▶ [Required action] Copy each record below faithfully, leaving out images.

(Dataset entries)
◆ ◆ ◆

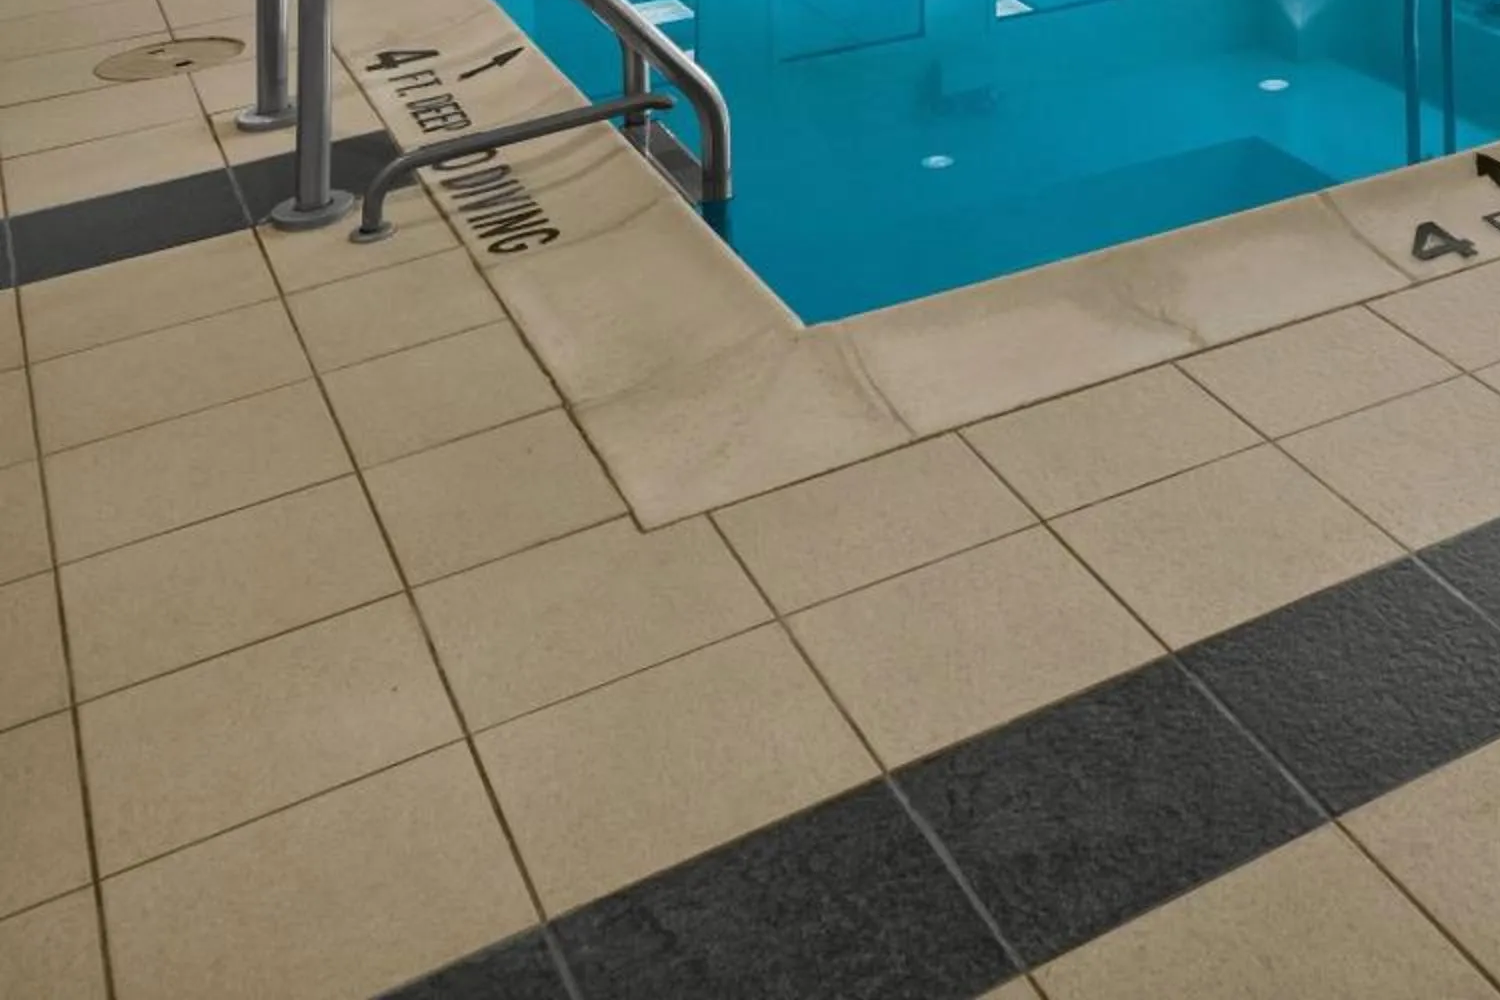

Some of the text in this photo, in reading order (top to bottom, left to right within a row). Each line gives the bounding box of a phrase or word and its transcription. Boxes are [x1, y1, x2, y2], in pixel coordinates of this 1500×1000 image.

[366, 49, 440, 73] 4
[406, 94, 473, 134] DEEP
[440, 163, 561, 254] DIVING
[1410, 220, 1479, 264] 4

◆ ◆ ◆

▶ [Your solution]
Some of the text in this photo, in reading order (top to bottom, left to right within a row). Each line gives the bounding box of a phrase or word and its transcription. Boxes are [x1, y1, x2, y2], in pixel coordinates of this 1500×1000 image.

[366, 49, 440, 73] 4
[406, 94, 473, 134] DEEP
[440, 163, 561, 254] DIVING
[1410, 220, 1479, 264] 4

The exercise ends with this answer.